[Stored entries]
= Beginning of Section =

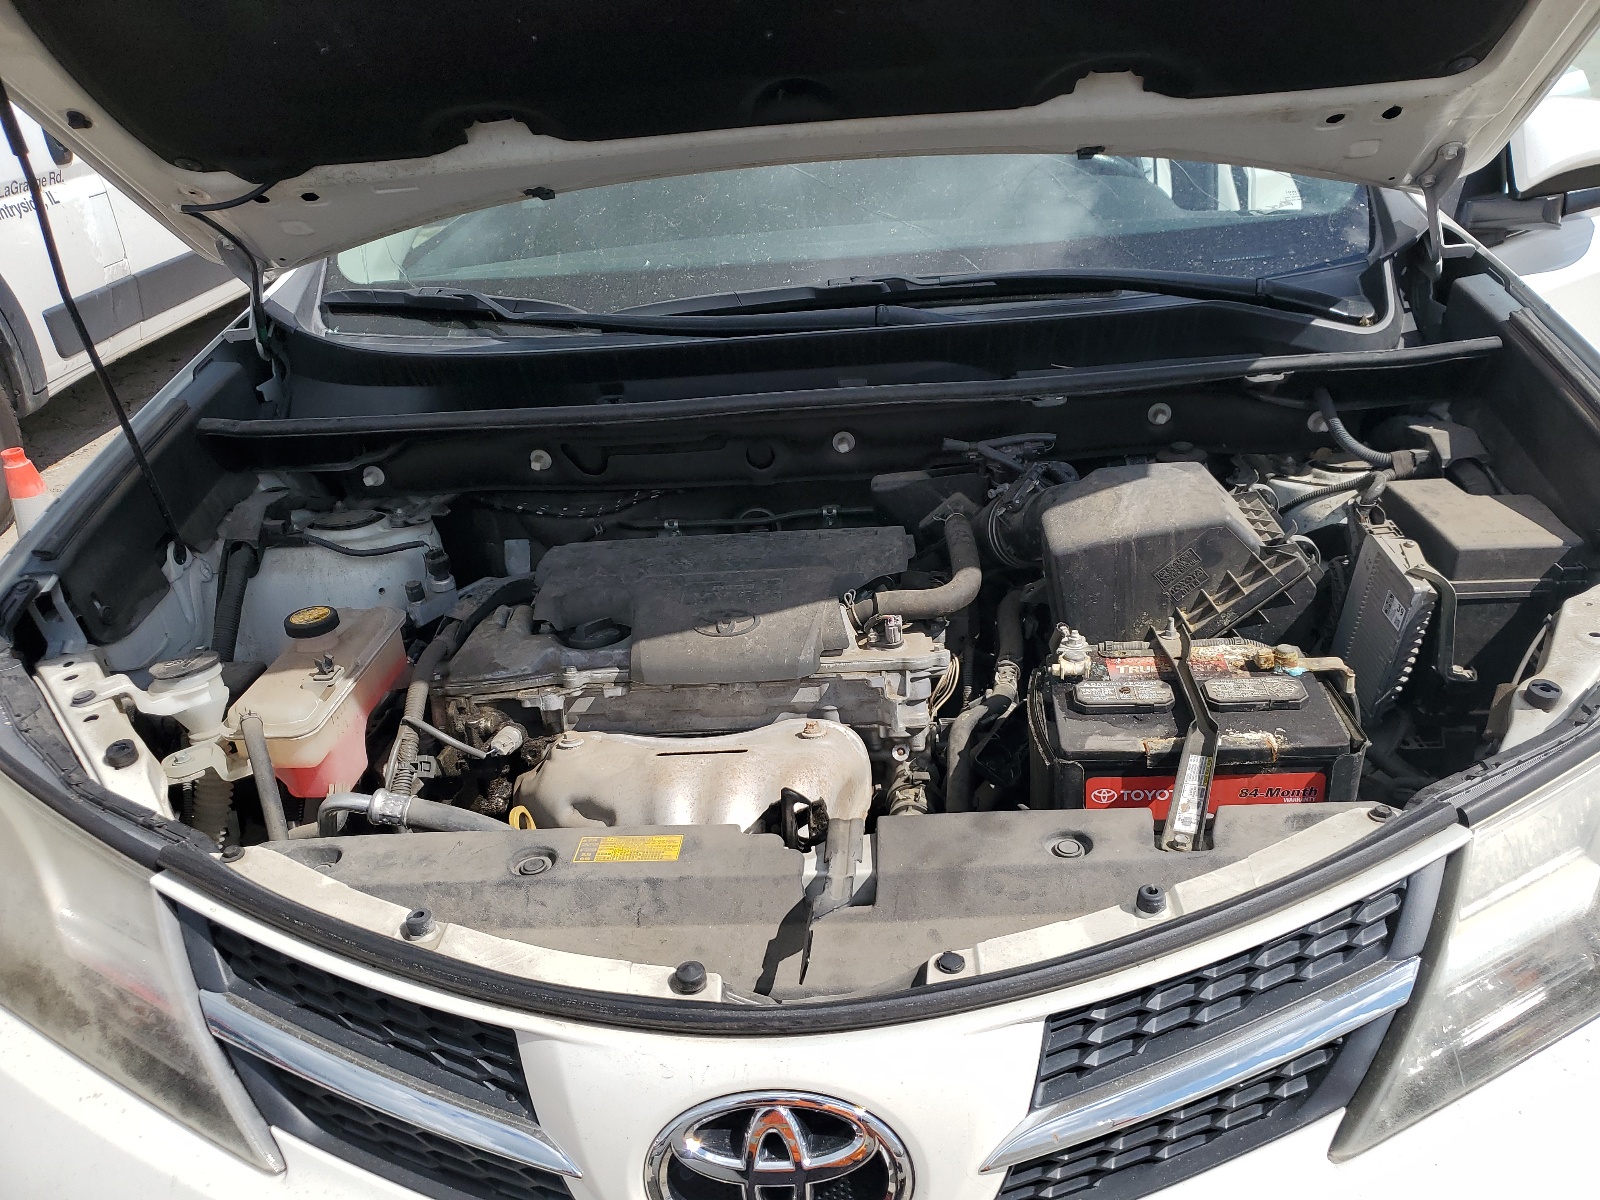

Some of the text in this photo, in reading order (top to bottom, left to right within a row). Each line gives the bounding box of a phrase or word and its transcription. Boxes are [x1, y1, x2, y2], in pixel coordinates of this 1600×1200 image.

[0, 170, 65, 198] aGrage Rd.
[0, 190, 61, 220] ntrysid, IL
[1120, 789, 1174, 801] TOYO
[1238, 786, 1318, 799] 84-Month
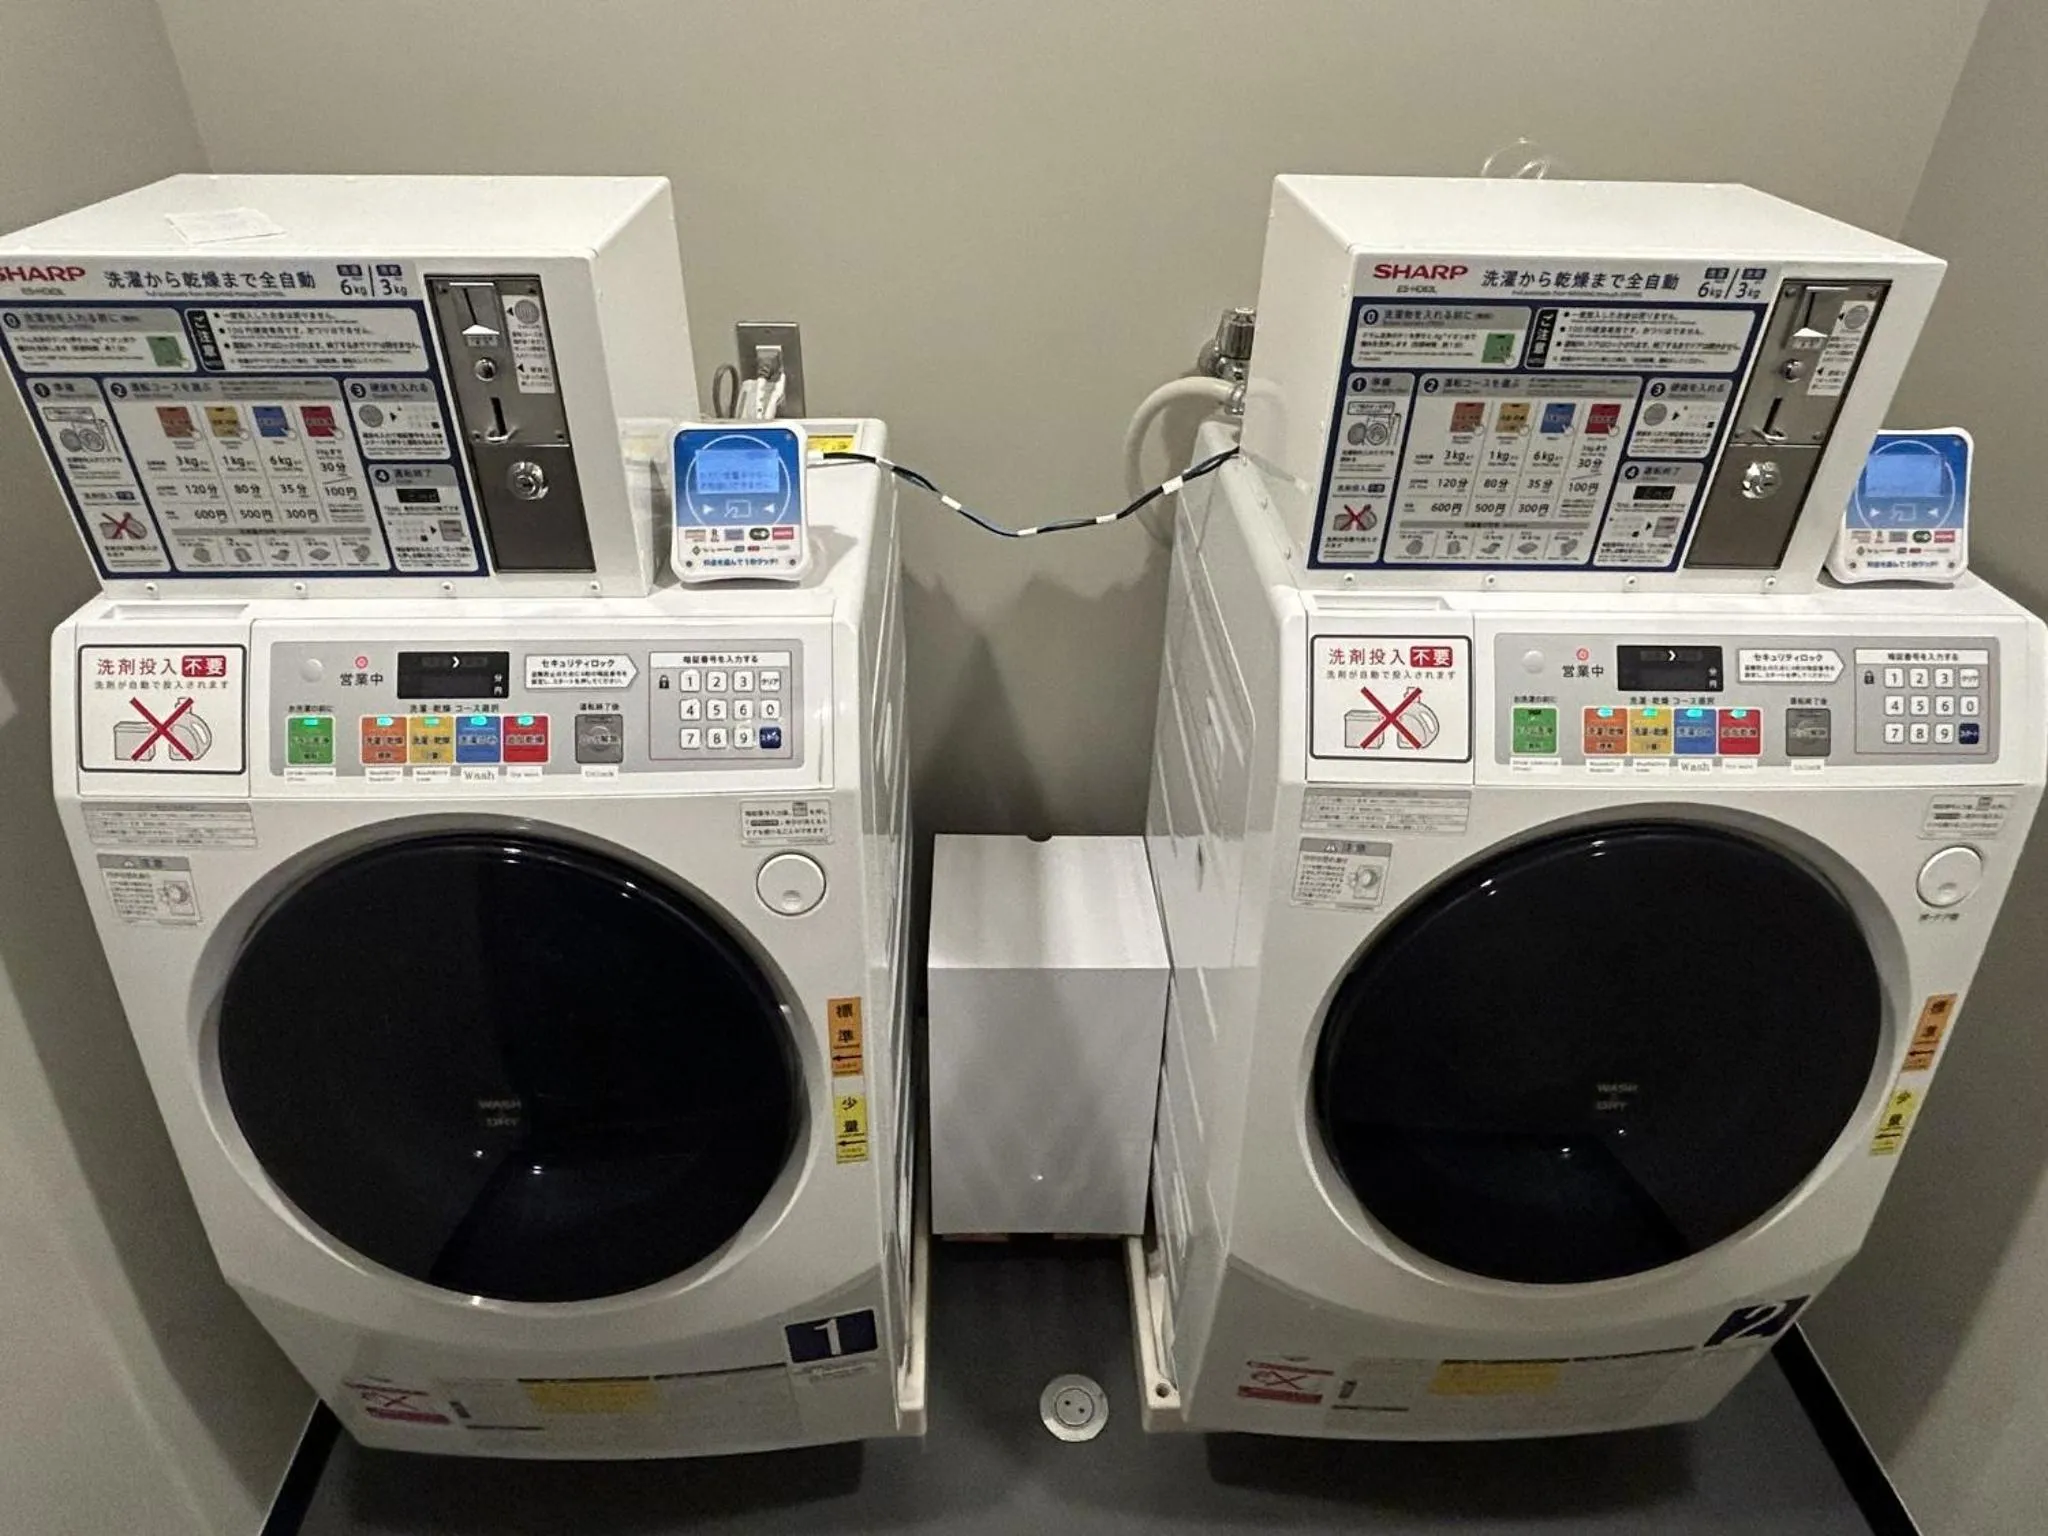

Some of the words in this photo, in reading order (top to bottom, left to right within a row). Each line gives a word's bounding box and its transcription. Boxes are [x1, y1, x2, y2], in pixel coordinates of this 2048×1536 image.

= End of Section =

▸ TASK DESCRIPTION
Give every record again word for word, pictures excluded.

▸ ANSWER BOX
Some of the text in this photo, in reading order (top to bottom, left to right within a row). Each line gives the bounding box of a phrase or word and its transcription. Boxes are [x1, y1, x2, y2], in pixel coordinates of this 1600×1200 image.

[0, 170, 65, 198] aGrage Rd.
[0, 190, 61, 220] ntrysid, IL
[1120, 789, 1174, 801] TOYO
[1238, 786, 1318, 799] 84-Month

Some of the words in this photo, in reading order (top to bottom, left to right within a row). Each line gives a word's bounding box and its transcription. Boxes are [x1, y1, x2, y2], in pixel coordinates of this 2048×1536 image.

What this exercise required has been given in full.